De couleurs pimpantes en éclats typiquement Bollywood, l'image de cette édition en déçoit aucunement. En se déployant dans un cadre en CinémaScope vif et allègre, à l'image du film, les images se montrent très naturelles dans leur rendu, jusque dans le séquences situées à Amsterdam, loin de l'Inde. Le rendu offert par l'éditeur affiche de fort belles valeurs lui aussi: en dépit d'un adoucissement parfois sensible du signal, occasionnant une définition plus légère et de l'edge enhancement (filtre passe-bas employé par l'éditeur?), il offre un naturel saisissant et une belle densité. Quelques poussières ternisent un ensemble contrasté avec soin, mais aux arrières-plans quelque fois vascillants. Il en résulte un rendu appréciable, net et précis, dont le plus éclatant sera réservé aux séquences animées. Le montage 'sportif' parfois très vidéoclip ne subit pas de déperdition en terme de qualité et de fluidité, et la compression ne pouvait guère faire mieux.
Le son
Avec ses rythmiques énergiques et enthousiasmées (dès l'ouverture) et sa franchise acoustique de tous les instants, la bande-son de Hum Tum constitue un classique des présentations Bollywood. Ici ancrées dans une forme de réalisme urbain fort bienvenue, elle n'oublie aucunement la légèreté qui contraste avec son aspect chronique. Les passages chantés se montrent d'une clarté idéale, et accusent une transparence dans le rendu qui met clairement en avant les qualités acoustiques qui ont présidé à l'élaboration de la bande-son. Un mixage survolté par moments, des descentes dans les graves, une scène sonore découpée avec soin et une liberté dans l'évocation qui ne manquera pas d'enthousiasmer grâce à une réponse en fréquence alerte quoi qu'un peu trop ciblée sur la zone haut-médium. La chaleur acoustique propre à Bollywood n'échappe aucunement à la règle ici, offrant ainsi une vivacité et un caractère acidulé, rapide, dynamique, accentué par des basses fréquences tenaces et ouvertes.
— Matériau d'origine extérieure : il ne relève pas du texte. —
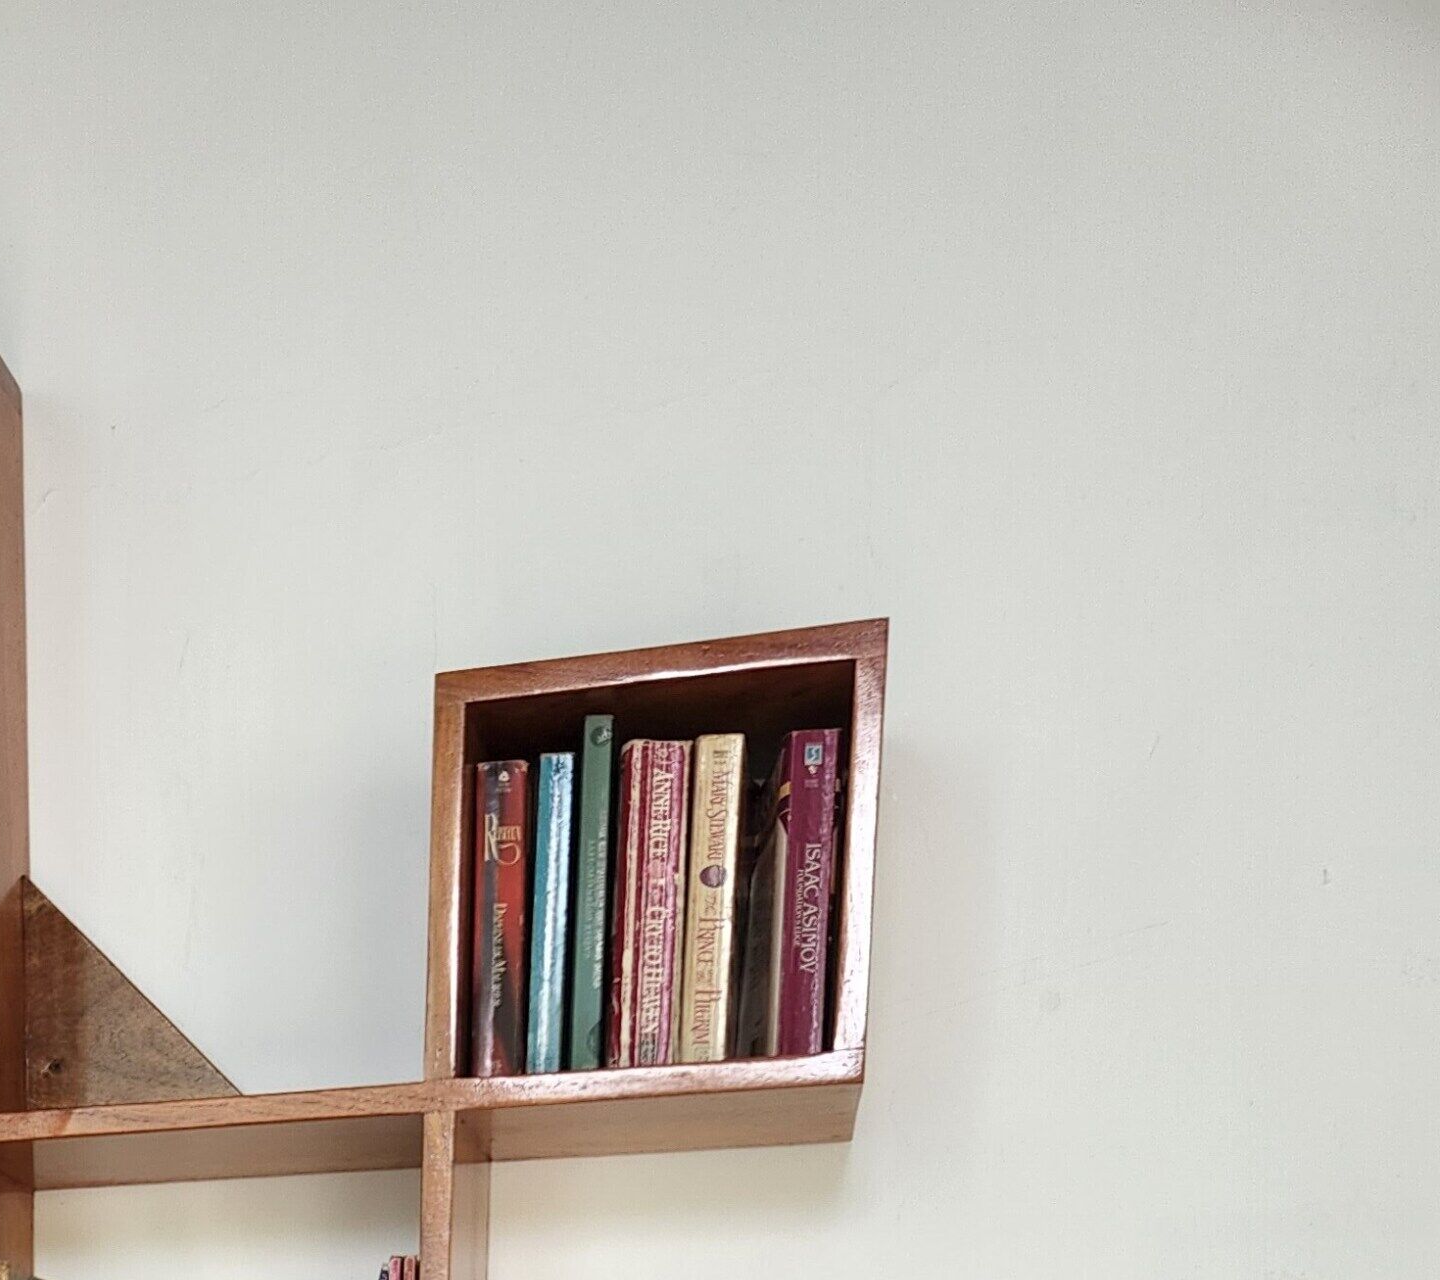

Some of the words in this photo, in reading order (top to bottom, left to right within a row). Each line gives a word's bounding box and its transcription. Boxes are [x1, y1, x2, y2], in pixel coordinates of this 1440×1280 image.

[651, 768, 673, 818] ANNE
[710, 770, 731, 806] MARY
[649, 820, 671, 860] RICE
[706, 808, 729, 861] STEWART
[804, 842, 823, 898] ISAAC
[798, 903, 822, 975] ASIMOV
[640, 970, 662, 1033] HEAVEN
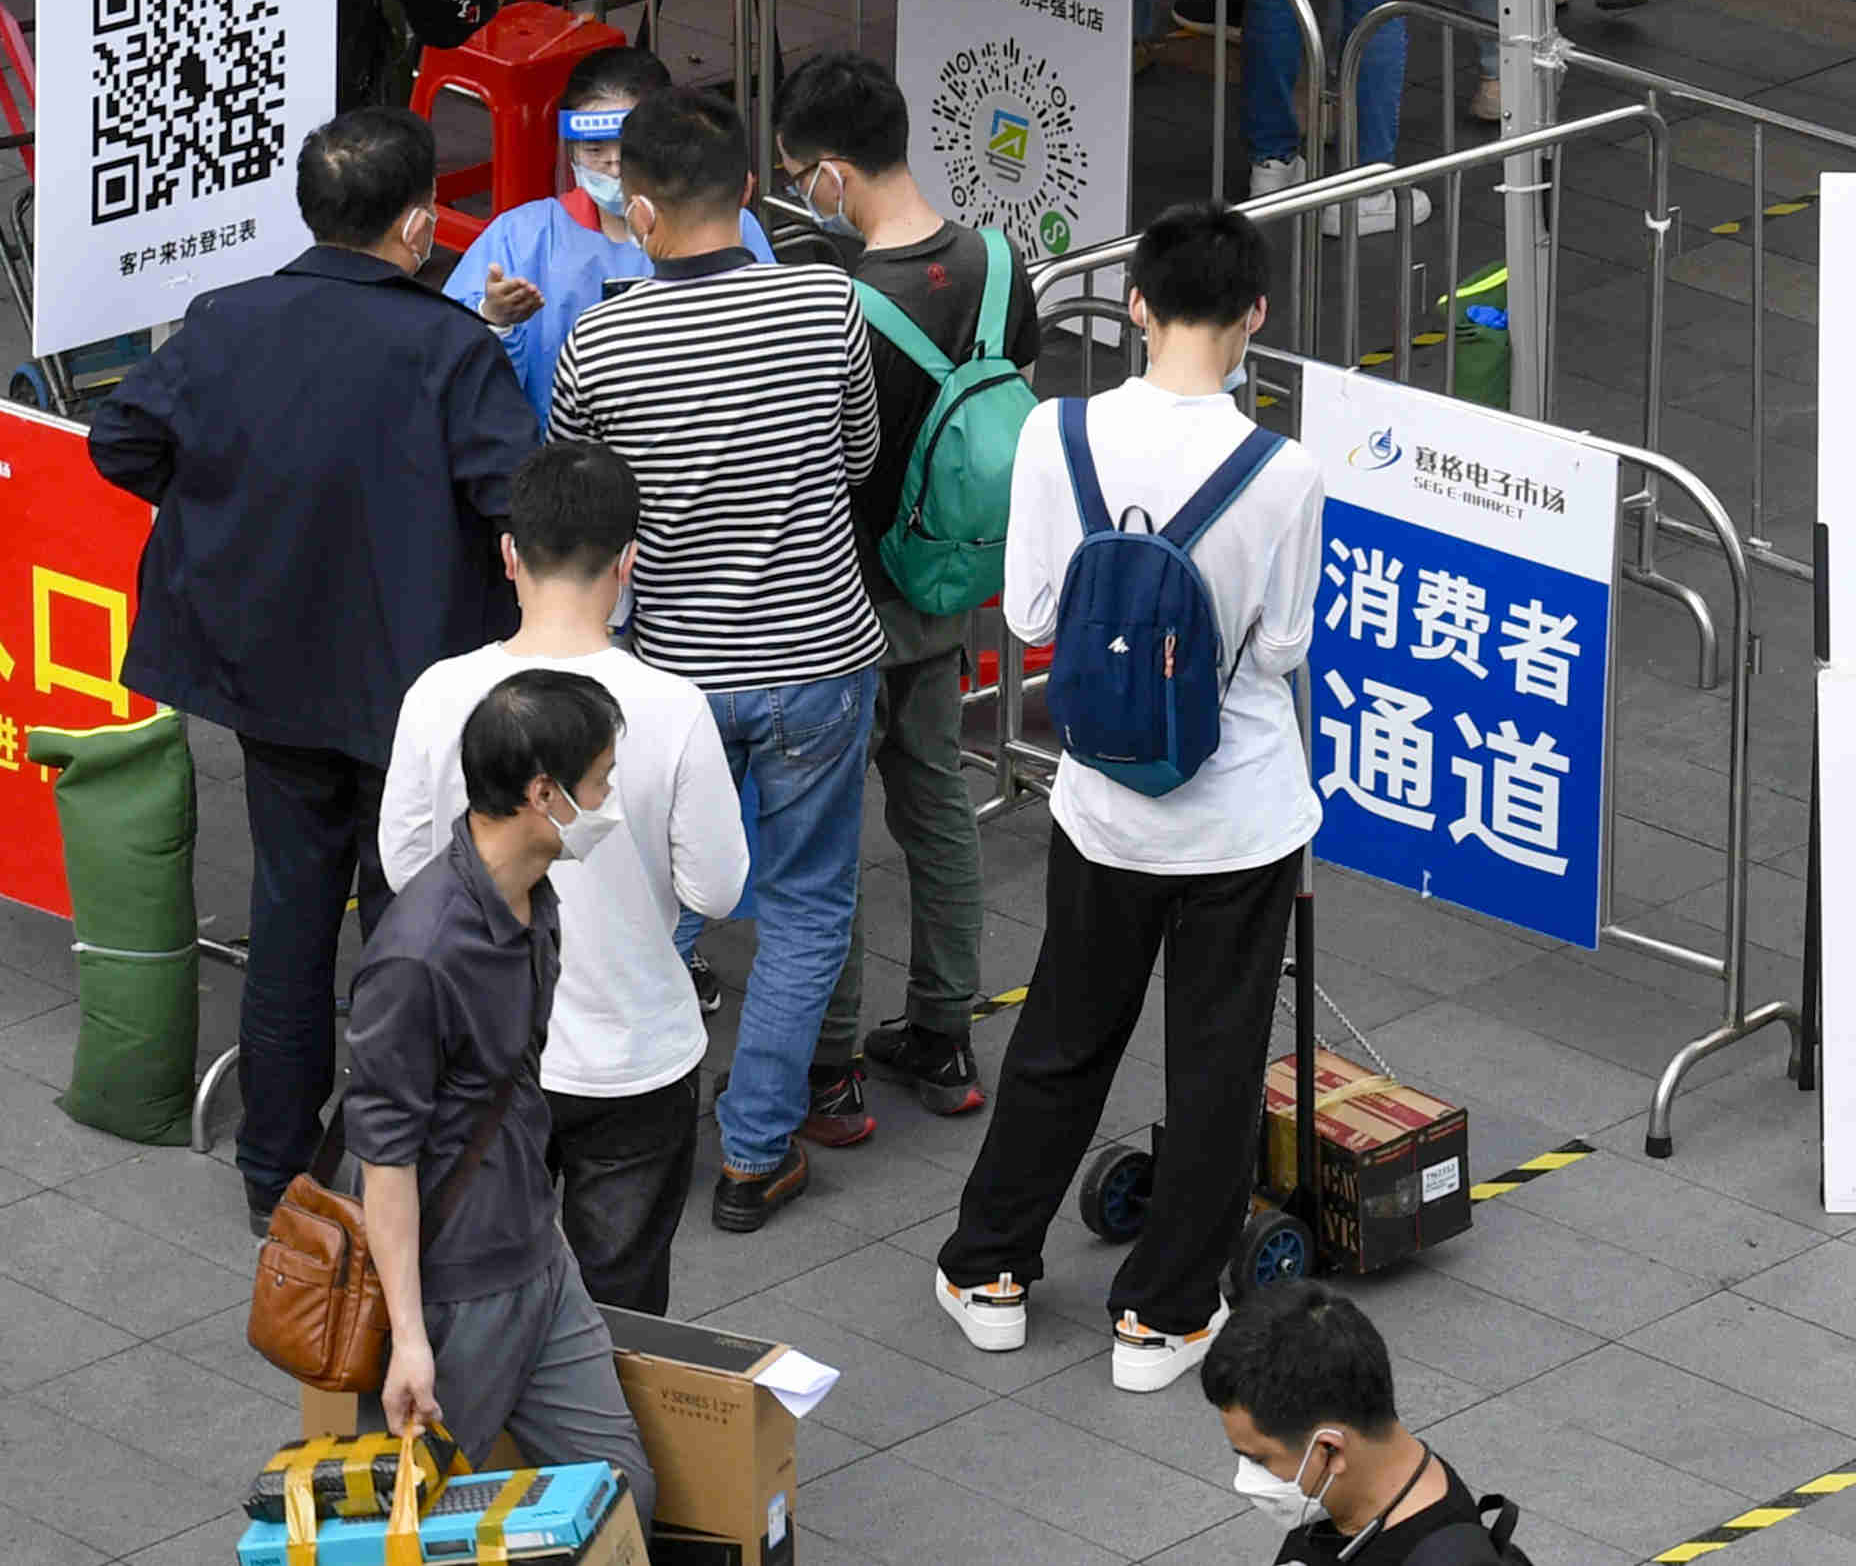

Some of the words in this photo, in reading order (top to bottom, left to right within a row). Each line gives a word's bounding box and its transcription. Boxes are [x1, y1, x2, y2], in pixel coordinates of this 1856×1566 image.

[118, 218, 258, 277] 客户来访登记表
[1413, 473, 1444, 498] SEG
[1446, 484, 1526, 522] E-MARKET
[1414, 444, 1567, 516] 赛格电子市场
[1323, 537, 1582, 707] 消费者
[1318, 668, 1571, 877] 通道
Les dialogues demeurent toujours clairs et s'ils manquent de spatialisation scénique effective, ils restituent le phrasé des acteurs et leur diction avec une aisance assez précise que le format DTS souligne encore davantage. Le placement des effets demeure certes traditionnel, mais la scène arrière ne manquera pas de s'ouvrir et d'afficher une épaisseur certaine lors des chants (qui monopolisent la scène avant toutefois) et une étoffe environnementale elle aussi bienvenue. La dynamique globale, impressionnante dans son énergie focalisée, s'octroie toute la largeur stéréophonique de la façade frontale, mas se dissipe également avec un ardeur et un mordant parfois incisifs sur les voies arrières, lorsque la scène le requiert. Sans pour autant constituer un modèle du genre, la bande-son de Hum Tum parvient à se nuancer, passant allègrement à la restitution scénique pure à un enjolivement acoustique qui enchante l'intégralité des voies et de la scène sonore. Certains passages (chœurs, voix...) se montrent tout bonnement divins et aériens, légers, gracieux. Mention spéciale à la musique de Jatin Lalit sans cesse inspirée, notamment la chanson titre. Elle hante le film et le définit au même titre.
Répartis avec soin, les effets localisés sont accentués et détourés par le format DTS qui ici encore offre un rendu davantage chaleureux, plus chaud et étoffé. La densité supplémentaire se lit avant tout dans l'acoustique musicale qui émaille les meilleurs moments du film: le rendu s'élargit, le fondement sonore et musical s'épanche et le master se voit davantage exploré. En ce sens, la piste DTS n'offre pas d'accumulation artificieuse d'améliorations diverses, mais ébauche un rendu plus fidèle, façonne une épaisseur acoustique et densifie les textures sonores. Inutile de préciser qu'il se montre tout bonnement essentiel dans sa captation légèrement plus sensible de l'essence expressive du cinéma Indien contemporain.
[Ce DVD présente le trailer DTS Sparks en DTS ES 6.1 Discrete]
L'interactivité
Léger retrait en terme de supplément sur cette édition, qui affiche bien vite ses limites...
Bandes-annonces commentées par des textes écrits (Dolby Digital 2.0 et 4/3).